Try it » Reproduce the records word for word, leaving out any pictures they hold.

Study material »
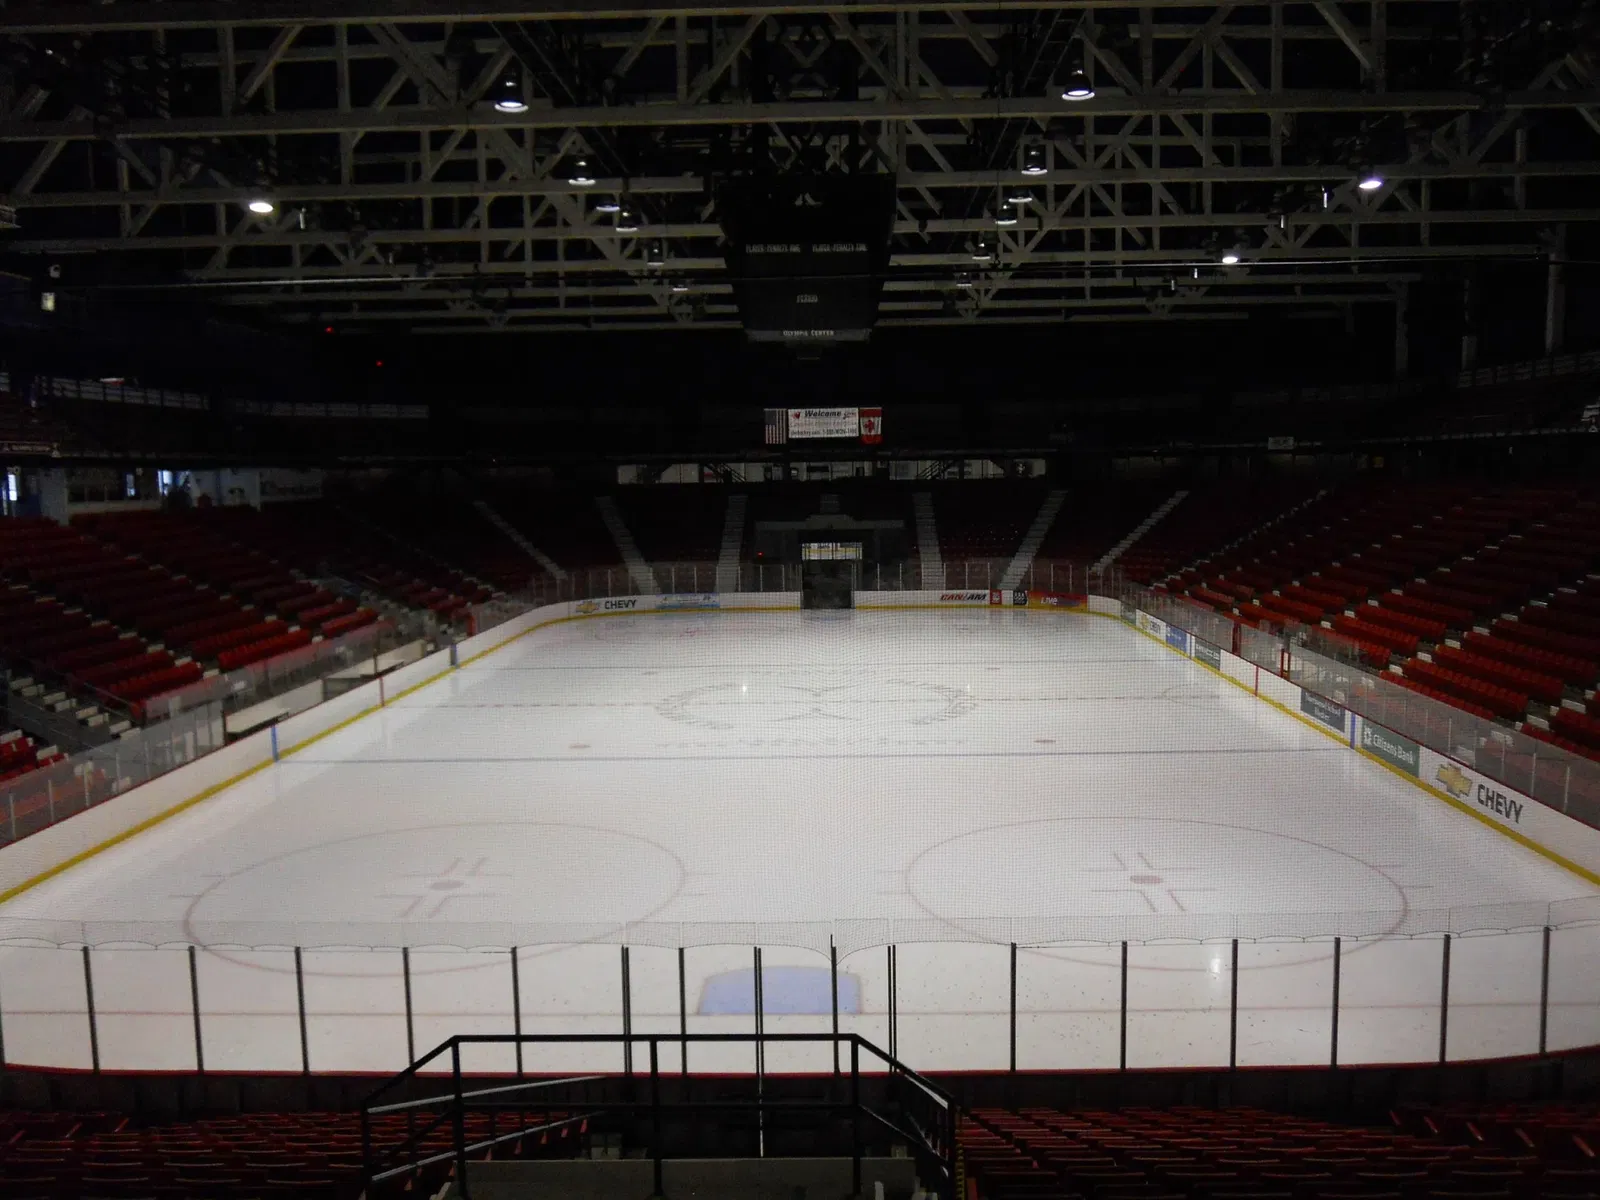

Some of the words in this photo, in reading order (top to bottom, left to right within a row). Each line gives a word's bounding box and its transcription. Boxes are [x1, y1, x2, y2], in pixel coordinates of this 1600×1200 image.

[810, 329, 834, 337] CENTER
[804, 410, 842, 418] Welcome
[604, 599, 637, 610] CHEVY
[1373, 734, 1398, 758] Citizens
[1397, 745, 1415, 766] Bank
[1477, 784, 1524, 824] CHEVY
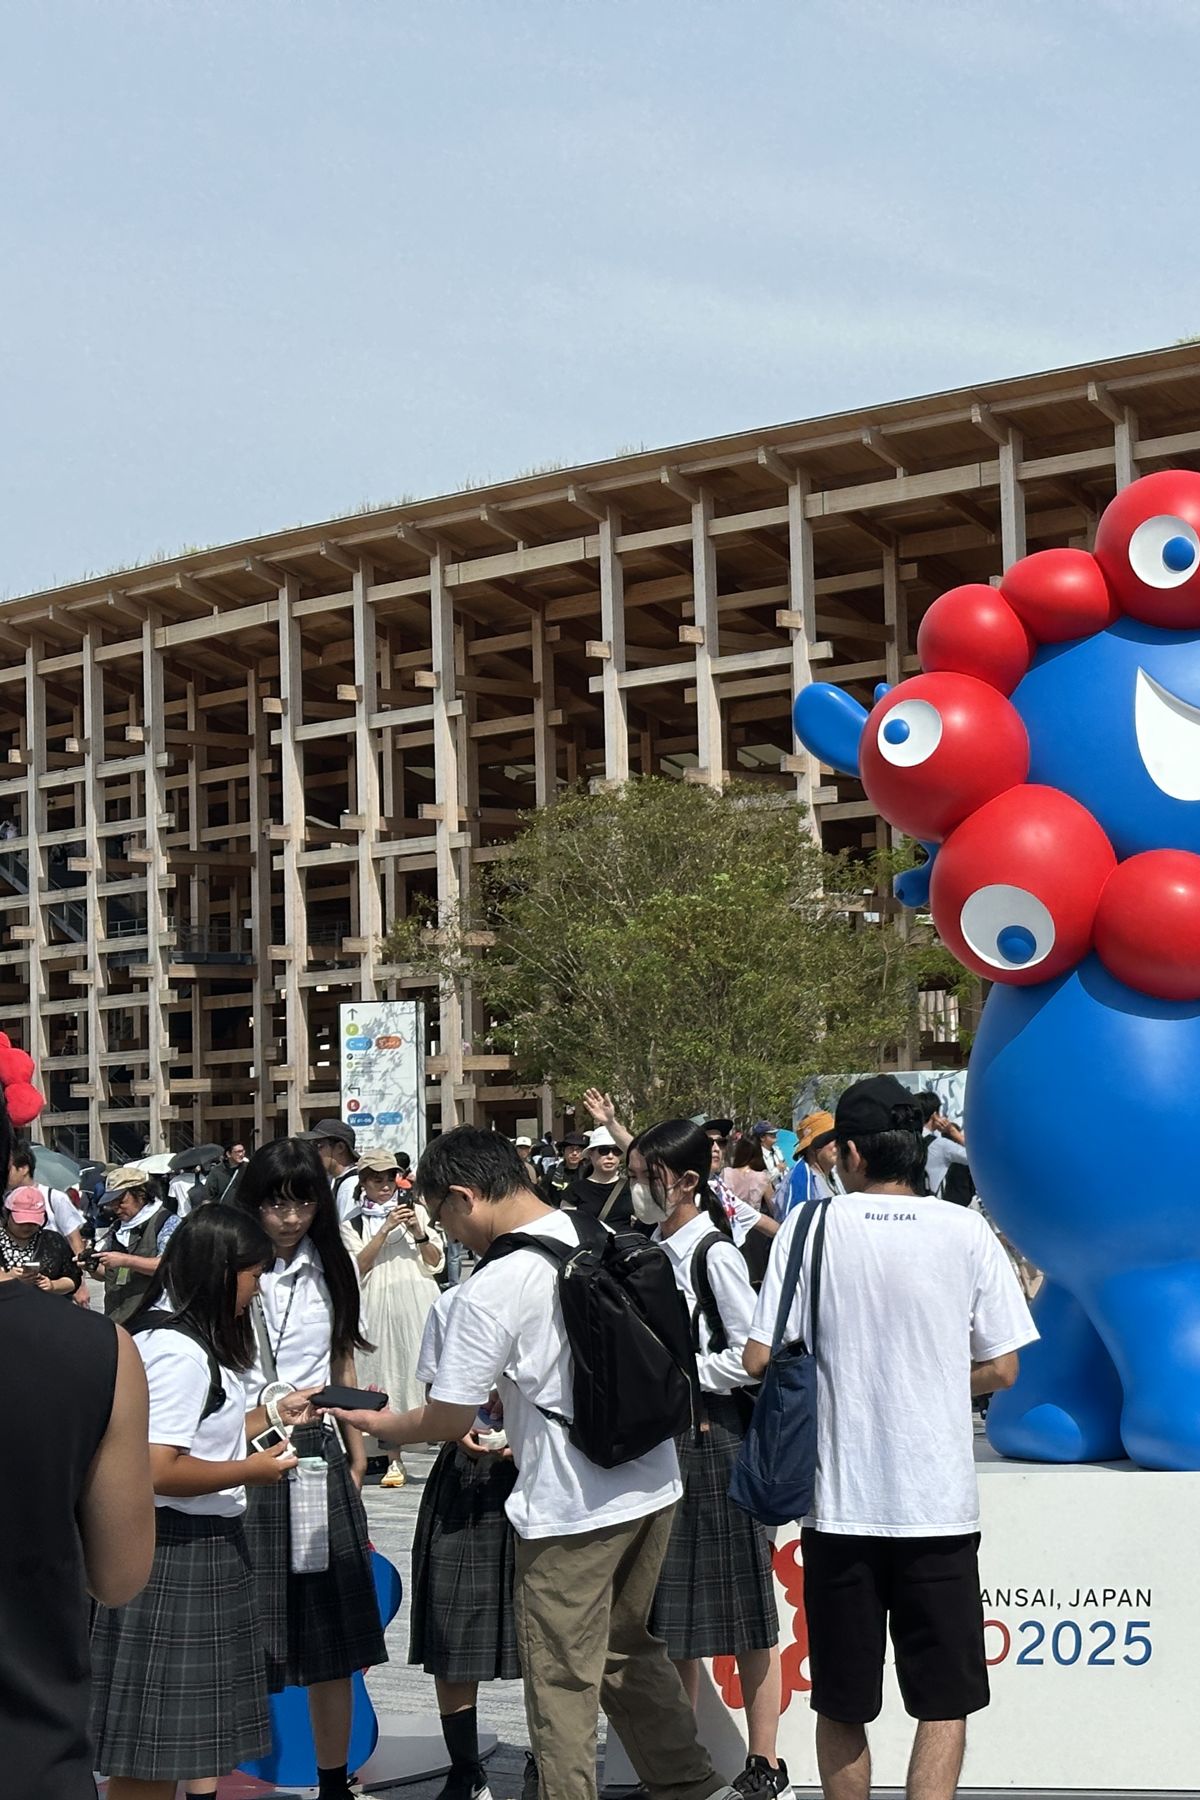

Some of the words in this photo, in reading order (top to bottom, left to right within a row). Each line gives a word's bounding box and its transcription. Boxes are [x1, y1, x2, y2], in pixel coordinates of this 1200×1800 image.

[864, 1212, 890, 1221] BLUE
[892, 1213, 918, 1221] SEAL
[979, 1587, 1062, 1611] ANSAI,
[1067, 1587, 1152, 1608] JAPAN
[983, 1618, 1153, 1667] O2025

Your response »
Some of the words in this photo, in reading order (top to bottom, left to right within a row). Each line gives a word's bounding box and its transcription. Boxes are [x1, y1, x2, y2], in pixel coordinates of this 1600×1200 image.

[810, 329, 834, 337] CENTER
[804, 410, 842, 418] Welcome
[604, 599, 637, 610] CHEVY
[1373, 734, 1398, 758] Citizens
[1397, 745, 1415, 766] Bank
[1477, 784, 1524, 824] CHEVY

Some of the words in this photo, in reading order (top to bottom, left to right within a row). Each line gives a word's bounding box and its transcription. Boxes are [x1, y1, x2, y2], in pixel coordinates of this 1200×1800 image.

[864, 1212, 890, 1221] BLUE
[892, 1213, 918, 1221] SEAL
[979, 1587, 1062, 1611] ANSAI,
[1067, 1587, 1152, 1608] JAPAN
[983, 1618, 1153, 1667] O2025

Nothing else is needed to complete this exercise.